SOURCE DATA:
Content starts

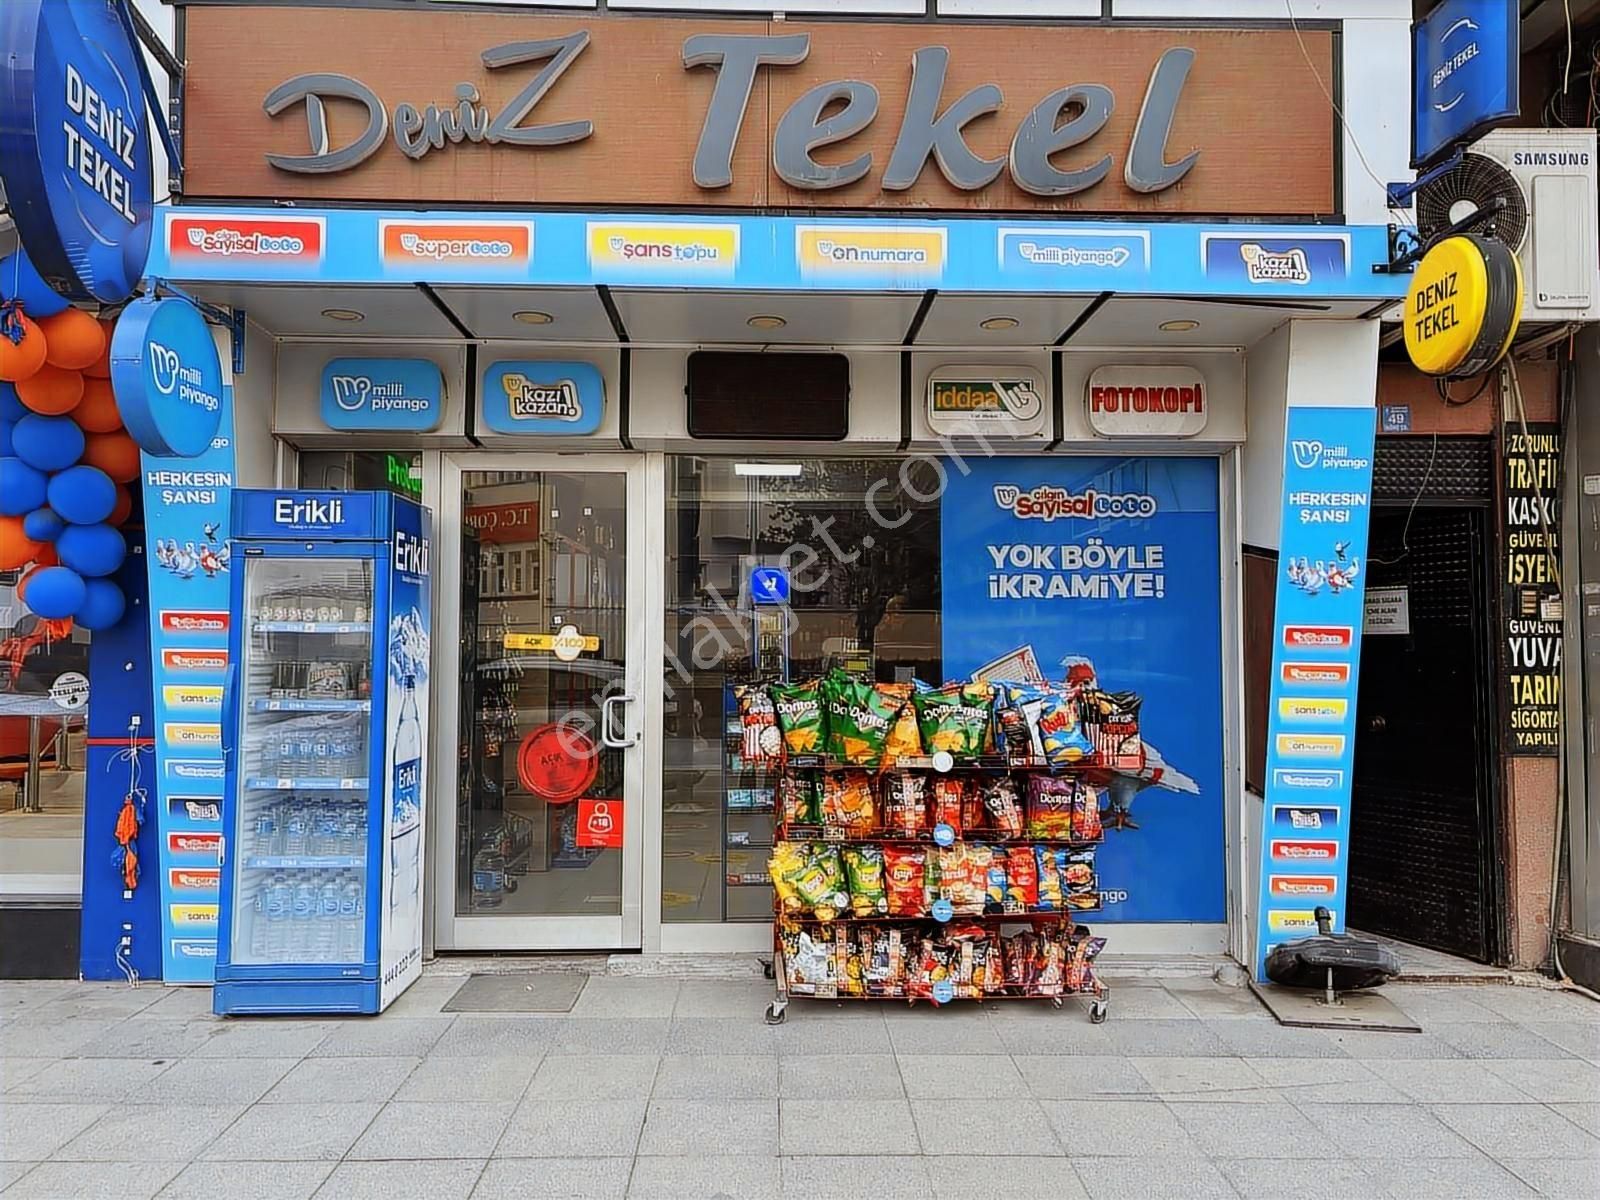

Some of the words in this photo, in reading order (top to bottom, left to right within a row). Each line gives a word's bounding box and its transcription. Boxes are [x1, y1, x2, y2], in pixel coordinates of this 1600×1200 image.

[1432, 59, 1453, 88] DENİZ
[1453, 42, 1480, 72] TEKEL
[64, 63, 136, 171] DENİZ
[682, 32, 1201, 198] Tekel
[1514, 152, 1589, 166] SAMSUNG
[63, 119, 137, 225] TEKEL
[860, 249, 924, 262] numara
[1061, 249, 1113, 266] piyango
[1416, 271, 1459, 314] DENİZ
[1415, 308, 1460, 343] TEKEL
[179, 366, 203, 387] milli
[179, 387, 219, 413] piyango
[372, 383, 403, 396] milli
[936, 386, 1000, 408] iddaa
[372, 396, 429, 411] piyango
[1323, 446, 1348, 457] milli
[1322, 458, 1368, 470] piyango
[162, 489, 216, 506] ŞANSI
[1300, 509, 1349, 525] ŞANSI
[987, 545, 1055, 569] YOK
[1062, 539, 1164, 570] BÖYLE
[777, 699, 818, 714] Doritos
[849, 706, 889, 729] Doritos

Content ends

PROMPT: Restate the listing word for word and drop the pictures.

ANSWER TO THE EXERCISE:
Some of the words in this photo, in reading order (top to bottom, left to right within a row). Each line gives a word's bounding box and its transcription. Boxes are [x1, y1, x2, y2], in pixel coordinates of this 1600×1200 image.

[1432, 59, 1453, 88] DENİZ
[1453, 42, 1480, 72] TEKEL
[64, 63, 136, 171] DENİZ
[682, 32, 1201, 198] Tekel
[1514, 152, 1589, 166] SAMSUNG
[63, 119, 137, 225] TEKEL
[860, 249, 924, 262] numara
[1061, 249, 1113, 266] piyango
[1416, 271, 1459, 314] DENİZ
[1415, 308, 1460, 343] TEKEL
[179, 366, 203, 387] milli
[179, 387, 219, 413] piyango
[372, 383, 403, 396] milli
[936, 386, 1000, 408] iddaa
[372, 396, 429, 411] piyango
[1323, 446, 1348, 457] milli
[1322, 458, 1368, 470] piyango
[162, 489, 216, 506] ŞANSI
[1300, 509, 1349, 525] ŞANSI
[987, 545, 1055, 569] YOK
[1062, 539, 1164, 570] BÖYLE
[777, 699, 818, 714] Doritos
[849, 706, 889, 729] Doritos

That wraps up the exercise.